Nothing should be left out: write out the whole listing exactly.

- **RECORDS**
★ ★ ★ ★

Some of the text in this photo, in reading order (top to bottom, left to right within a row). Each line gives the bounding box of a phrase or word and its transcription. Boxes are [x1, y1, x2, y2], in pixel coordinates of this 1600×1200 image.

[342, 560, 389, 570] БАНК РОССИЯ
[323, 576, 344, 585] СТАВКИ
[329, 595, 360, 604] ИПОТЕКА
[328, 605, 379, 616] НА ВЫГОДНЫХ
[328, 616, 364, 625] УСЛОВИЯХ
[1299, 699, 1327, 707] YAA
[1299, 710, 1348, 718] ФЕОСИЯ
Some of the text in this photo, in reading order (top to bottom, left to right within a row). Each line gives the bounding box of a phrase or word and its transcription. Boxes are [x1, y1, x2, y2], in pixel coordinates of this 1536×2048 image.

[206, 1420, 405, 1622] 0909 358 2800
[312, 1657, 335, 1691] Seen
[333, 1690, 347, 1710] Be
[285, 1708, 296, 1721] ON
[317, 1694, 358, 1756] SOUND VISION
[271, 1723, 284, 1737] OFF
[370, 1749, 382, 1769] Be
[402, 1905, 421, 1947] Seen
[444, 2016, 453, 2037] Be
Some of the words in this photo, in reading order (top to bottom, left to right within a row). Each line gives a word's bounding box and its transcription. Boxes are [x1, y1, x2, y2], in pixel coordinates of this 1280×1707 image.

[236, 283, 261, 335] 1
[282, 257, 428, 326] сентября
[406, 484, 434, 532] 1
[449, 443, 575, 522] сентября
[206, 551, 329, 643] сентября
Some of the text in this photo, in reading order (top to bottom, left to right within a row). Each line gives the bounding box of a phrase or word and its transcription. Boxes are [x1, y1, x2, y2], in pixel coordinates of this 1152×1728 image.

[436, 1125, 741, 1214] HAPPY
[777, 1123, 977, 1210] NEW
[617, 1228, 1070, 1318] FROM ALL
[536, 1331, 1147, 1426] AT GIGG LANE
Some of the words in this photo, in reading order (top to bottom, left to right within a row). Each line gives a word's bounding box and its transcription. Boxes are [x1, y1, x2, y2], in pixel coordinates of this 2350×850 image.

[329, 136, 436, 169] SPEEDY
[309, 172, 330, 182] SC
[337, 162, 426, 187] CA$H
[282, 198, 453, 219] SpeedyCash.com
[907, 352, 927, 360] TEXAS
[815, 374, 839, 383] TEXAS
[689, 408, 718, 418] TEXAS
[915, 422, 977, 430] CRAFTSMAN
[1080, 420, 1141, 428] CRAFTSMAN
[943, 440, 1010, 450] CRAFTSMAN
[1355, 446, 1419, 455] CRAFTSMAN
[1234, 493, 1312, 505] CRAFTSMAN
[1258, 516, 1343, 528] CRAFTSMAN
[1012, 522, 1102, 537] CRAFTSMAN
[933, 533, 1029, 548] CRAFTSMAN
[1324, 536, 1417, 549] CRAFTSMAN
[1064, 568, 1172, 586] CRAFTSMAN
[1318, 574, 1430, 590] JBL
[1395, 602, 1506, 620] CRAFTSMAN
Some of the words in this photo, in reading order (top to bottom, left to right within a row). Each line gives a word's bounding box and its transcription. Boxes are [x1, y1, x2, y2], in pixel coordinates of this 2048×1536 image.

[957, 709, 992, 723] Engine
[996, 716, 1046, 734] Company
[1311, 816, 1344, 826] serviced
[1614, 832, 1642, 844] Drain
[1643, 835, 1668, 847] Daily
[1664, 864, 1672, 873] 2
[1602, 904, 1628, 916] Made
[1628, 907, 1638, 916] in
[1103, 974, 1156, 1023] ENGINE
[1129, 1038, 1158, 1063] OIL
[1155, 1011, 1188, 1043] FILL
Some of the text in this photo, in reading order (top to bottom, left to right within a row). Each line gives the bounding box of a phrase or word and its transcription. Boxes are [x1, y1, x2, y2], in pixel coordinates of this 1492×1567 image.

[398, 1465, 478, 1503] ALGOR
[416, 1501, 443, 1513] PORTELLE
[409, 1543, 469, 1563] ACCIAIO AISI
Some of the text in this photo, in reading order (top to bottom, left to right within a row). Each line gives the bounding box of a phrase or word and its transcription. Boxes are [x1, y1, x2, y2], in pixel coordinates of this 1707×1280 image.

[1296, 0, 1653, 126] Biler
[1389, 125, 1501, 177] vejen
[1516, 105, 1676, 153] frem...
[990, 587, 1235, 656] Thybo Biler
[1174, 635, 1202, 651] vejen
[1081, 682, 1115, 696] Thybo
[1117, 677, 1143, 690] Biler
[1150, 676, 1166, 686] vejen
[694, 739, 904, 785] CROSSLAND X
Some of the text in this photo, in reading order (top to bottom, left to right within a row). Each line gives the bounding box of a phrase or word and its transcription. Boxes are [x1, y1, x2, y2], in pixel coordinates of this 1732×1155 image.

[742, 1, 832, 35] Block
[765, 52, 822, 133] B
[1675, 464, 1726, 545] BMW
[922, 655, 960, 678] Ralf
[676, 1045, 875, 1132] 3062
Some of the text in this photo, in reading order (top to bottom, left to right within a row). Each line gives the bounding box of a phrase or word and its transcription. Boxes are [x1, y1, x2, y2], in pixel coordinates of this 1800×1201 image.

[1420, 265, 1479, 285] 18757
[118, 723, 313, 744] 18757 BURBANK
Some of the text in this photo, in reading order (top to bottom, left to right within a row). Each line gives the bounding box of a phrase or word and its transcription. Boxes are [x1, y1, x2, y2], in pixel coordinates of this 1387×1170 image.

★ ★ ★ ★

- **SOLUTION TO THIS EXERCISE**
Some of the text in this photo, in reading order (top to bottom, left to right within a row). Each line gives the bounding box of a phrase or word and its transcription. Boxes are [x1, y1, x2, y2], in pixel coordinates of this 1600×1200 image.

[342, 560, 389, 570] БАНК РОССИЯ
[323, 576, 344, 585] СТАВКИ
[329, 595, 360, 604] ИПОТЕКА
[328, 605, 379, 616] НА ВЫГОДНЫХ
[328, 616, 364, 625] УСЛОВИЯХ
[1299, 699, 1327, 707] YAA
[1299, 710, 1348, 718] ФЕОСИЯ
Some of the text in this photo, in reading order (top to bottom, left to right within a row). Each line gives the bounding box of a phrase or word and its transcription. Boxes are [x1, y1, x2, y2], in pixel coordinates of this 1536×2048 image.

[206, 1420, 405, 1622] 0909 358 2800
[312, 1657, 335, 1691] Seen
[333, 1690, 347, 1710] Be
[285, 1708, 296, 1721] ON
[317, 1694, 358, 1756] SOUND VISION
[271, 1723, 284, 1737] OFF
[370, 1749, 382, 1769] Be
[402, 1905, 421, 1947] Seen
[444, 2016, 453, 2037] Be
Some of the words in this photo, in reading order (top to bottom, left to right within a row). Each line gives a word's bounding box and its transcription. Boxes are [x1, y1, x2, y2], in pixel coordinates of this 1280×1707 image.

[236, 283, 261, 335] 1
[282, 257, 428, 326] сентября
[406, 484, 434, 532] 1
[449, 443, 575, 522] сентября
[206, 551, 329, 643] сентября
Some of the text in this photo, in reading order (top to bottom, left to right within a row). Each line gives the bounding box of a phrase or word and its transcription. Boxes are [x1, y1, x2, y2], in pixel coordinates of this 1152×1728 image.

[436, 1125, 741, 1214] HAPPY
[777, 1123, 977, 1210] NEW
[617, 1228, 1070, 1318] FROM ALL
[536, 1331, 1147, 1426] AT GIGG LANE
Some of the words in this photo, in reading order (top to bottom, left to right within a row). Each line gives a word's bounding box and its transcription. Boxes are [x1, y1, x2, y2], in pixel coordinates of this 2350×850 image.

[329, 136, 436, 169] SPEEDY
[309, 172, 330, 182] SC
[337, 162, 426, 187] CA$H
[282, 198, 453, 219] SpeedyCash.com
[907, 352, 927, 360] TEXAS
[815, 374, 839, 383] TEXAS
[689, 408, 718, 418] TEXAS
[915, 422, 977, 430] CRAFTSMAN
[1080, 420, 1141, 428] CRAFTSMAN
[943, 440, 1010, 450] CRAFTSMAN
[1355, 446, 1419, 455] CRAFTSMAN
[1234, 493, 1312, 505] CRAFTSMAN
[1258, 516, 1343, 528] CRAFTSMAN
[1012, 522, 1102, 537] CRAFTSMAN
[933, 533, 1029, 548] CRAFTSMAN
[1324, 536, 1417, 549] CRAFTSMAN
[1064, 568, 1172, 586] CRAFTSMAN
[1318, 574, 1430, 590] JBL
[1395, 602, 1506, 620] CRAFTSMAN
Some of the words in this photo, in reading order (top to bottom, left to right within a row). Each line gives a word's bounding box and its transcription. Boxes are [x1, y1, x2, y2], in pixel coordinates of this 2048×1536 image.

[957, 709, 992, 723] Engine
[996, 716, 1046, 734] Company
[1311, 816, 1344, 826] serviced
[1614, 832, 1642, 844] Drain
[1643, 835, 1668, 847] Daily
[1664, 864, 1672, 873] 2
[1602, 904, 1628, 916] Made
[1628, 907, 1638, 916] in
[1103, 974, 1156, 1023] ENGINE
[1129, 1038, 1158, 1063] OIL
[1155, 1011, 1188, 1043] FILL
Some of the text in this photo, in reading order (top to bottom, left to right within a row). Each line gives the bounding box of a phrase or word and its transcription. Boxes are [x1, y1, x2, y2], in pixel coordinates of this 1492×1567 image.

[398, 1465, 478, 1503] ALGOR
[416, 1501, 443, 1513] PORTELLE
[409, 1543, 469, 1563] ACCIAIO AISI
Some of the text in this photo, in reading order (top to bottom, left to right within a row). Each line gives the bounding box of a phrase or word and its transcription. Boxes are [x1, y1, x2, y2], in pixel coordinates of this 1707×1280 image.

[1296, 0, 1653, 126] Biler
[1389, 125, 1501, 177] vejen
[1516, 105, 1676, 153] frem...
[990, 587, 1235, 656] Thybo Biler
[1174, 635, 1202, 651] vejen
[1081, 682, 1115, 696] Thybo
[1117, 677, 1143, 690] Biler
[1150, 676, 1166, 686] vejen
[694, 739, 904, 785] CROSSLAND X
Some of the text in this photo, in reading order (top to bottom, left to right within a row). Each line gives the bounding box of a phrase or word and its transcription. Boxes are [x1, y1, x2, y2], in pixel coordinates of this 1732×1155 image.

[742, 1, 832, 35] Block
[765, 52, 822, 133] B
[1675, 464, 1726, 545] BMW
[922, 655, 960, 678] Ralf
[676, 1045, 875, 1132] 3062
Some of the text in this photo, in reading order (top to bottom, left to right within a row). Each line gives the bounding box of a phrase or word and its transcription. Boxes are [x1, y1, x2, y2], in pixel coordinates of this 1800×1201 image.

[1420, 265, 1479, 285] 18757
[118, 723, 313, 744] 18757 BURBANK
Some of the text in this photo, in reading order (top to bottom, left to right within a row). Each line gives the bounding box of a phrase or word and its transcription. Boxes are [x1, y1, x2, y2], in pixel coordinates of this 1387×1170 image.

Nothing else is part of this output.